### ASSIGNMENT
Give the data again in full, without pictures.

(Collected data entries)
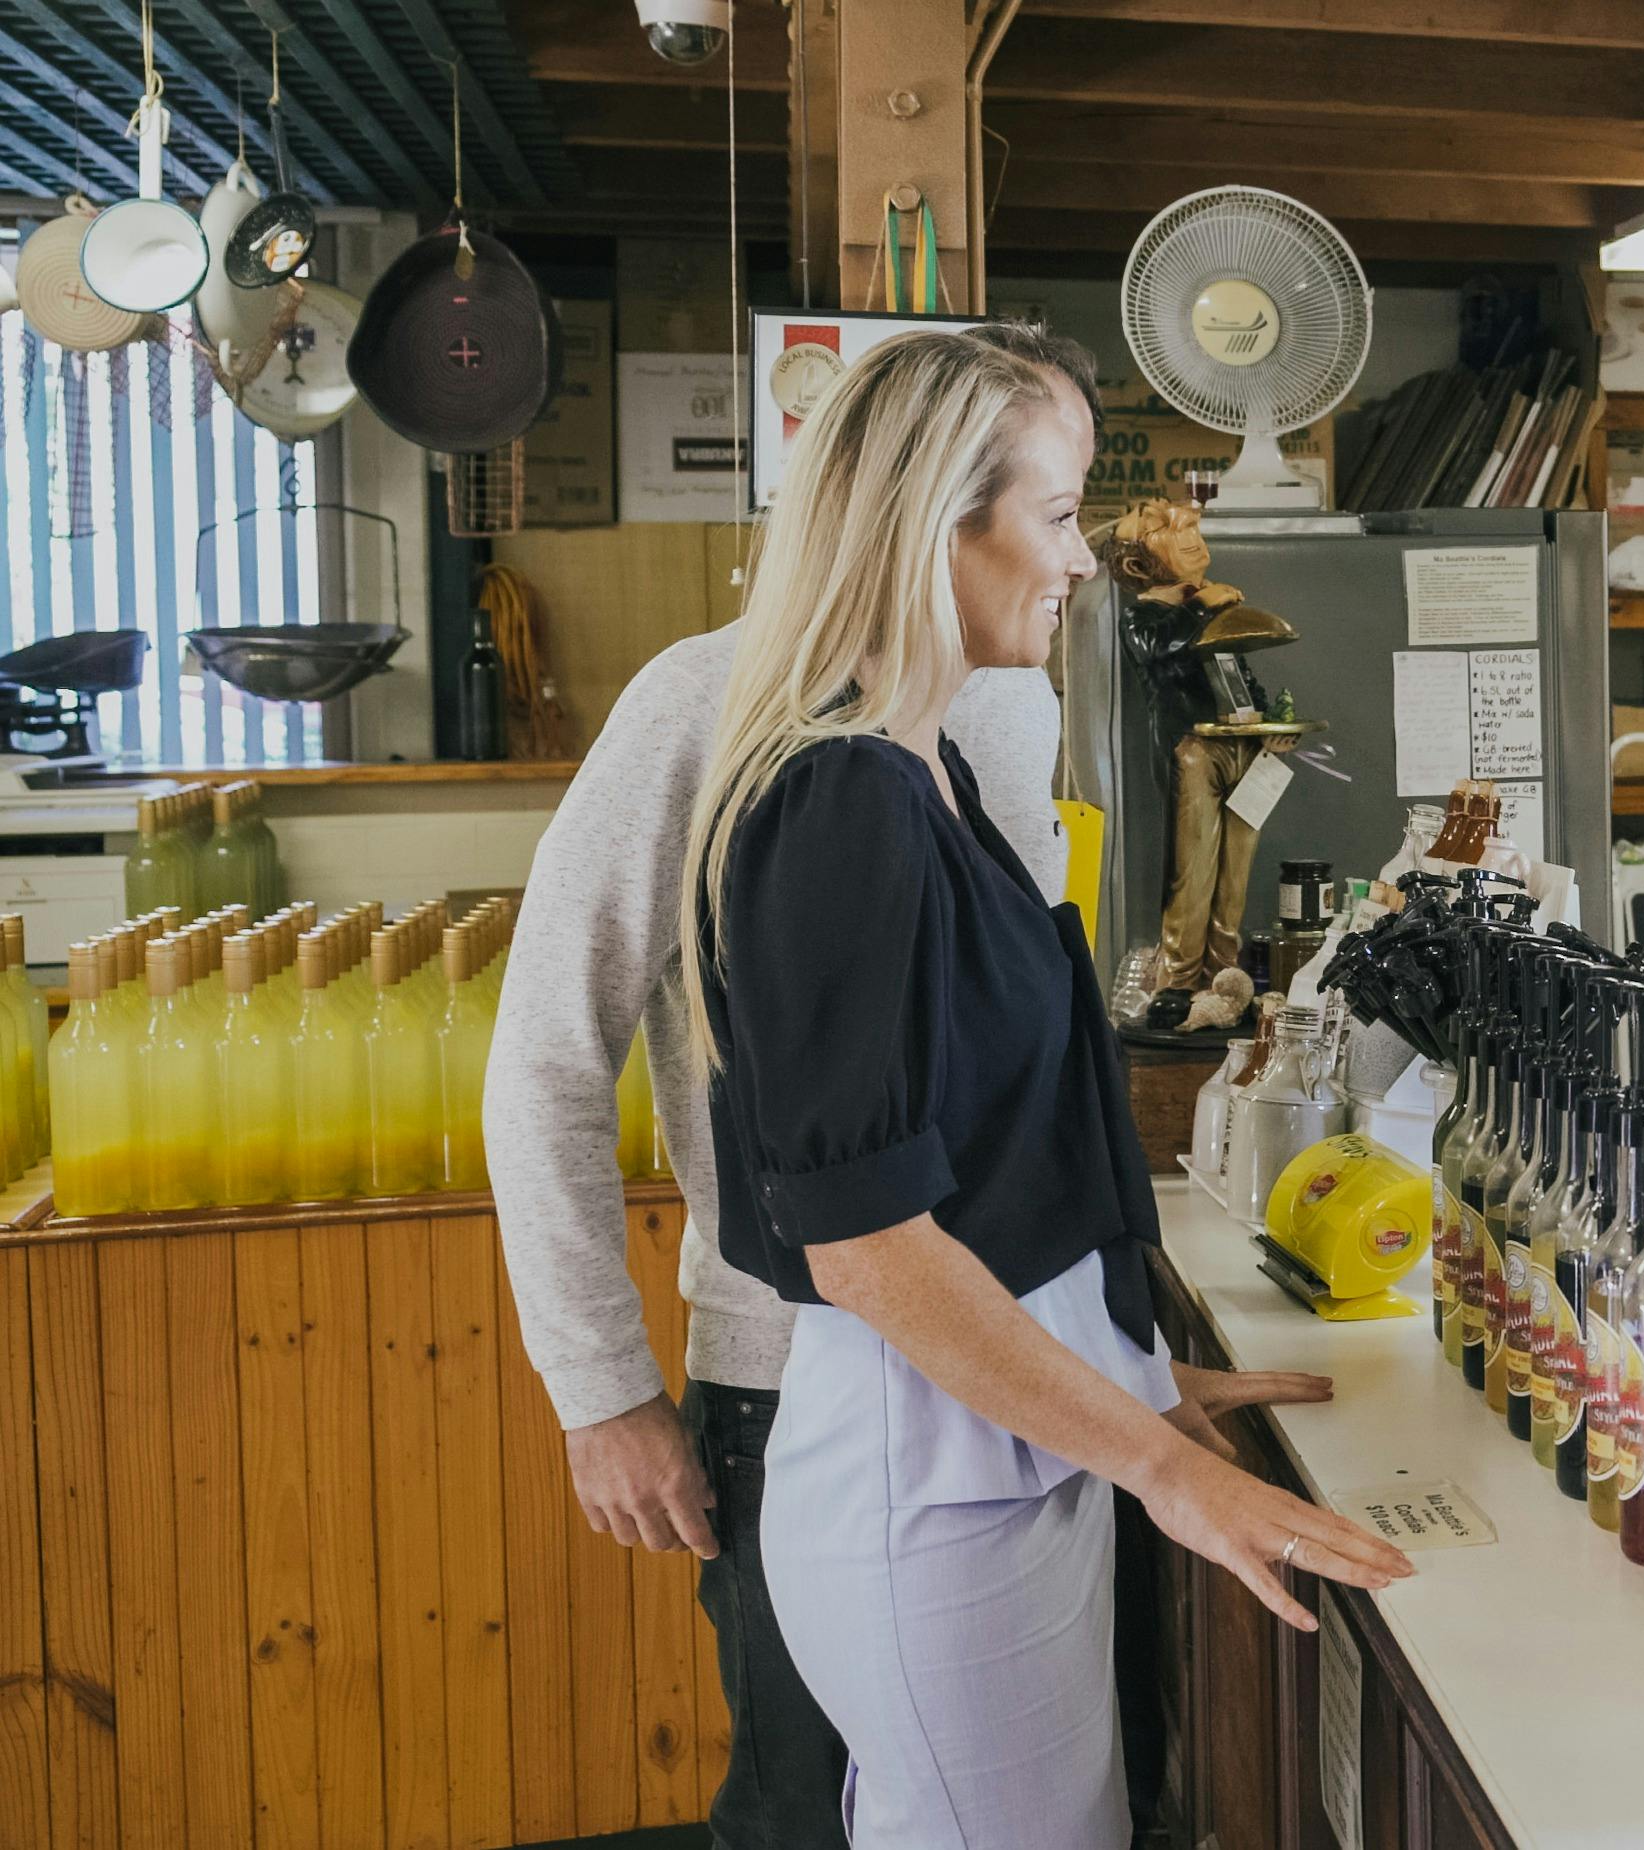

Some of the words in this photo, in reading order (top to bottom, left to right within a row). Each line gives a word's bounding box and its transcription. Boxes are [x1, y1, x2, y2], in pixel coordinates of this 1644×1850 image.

[779, 351, 803, 374] LOCAL
[804, 348, 842, 377] BUSINESS
[1086, 457, 1156, 482] OAM
[1474, 654, 1534, 665] CORDIALS
[1483, 765, 1507, 774] Made
[1376, 1231, 1406, 1246] Lipton
[1365, 1504, 1390, 1519] $10
[1393, 1503, 1428, 1534] Cordials

### RESPONSE TO THE EXERCISE
Some of the words in this photo, in reading order (top to bottom, left to right within a row). Each line gives a word's bounding box and its transcription. Boxes are [x1, y1, x2, y2], in pixel coordinates of this 1644×1850 image.

[779, 351, 803, 374] LOCAL
[804, 348, 842, 377] BUSINESS
[1086, 457, 1156, 482] OAM
[1474, 654, 1534, 665] CORDIALS
[1483, 765, 1507, 774] Made
[1376, 1231, 1406, 1246] Lipton
[1365, 1504, 1390, 1519] $10
[1393, 1503, 1428, 1534] Cordials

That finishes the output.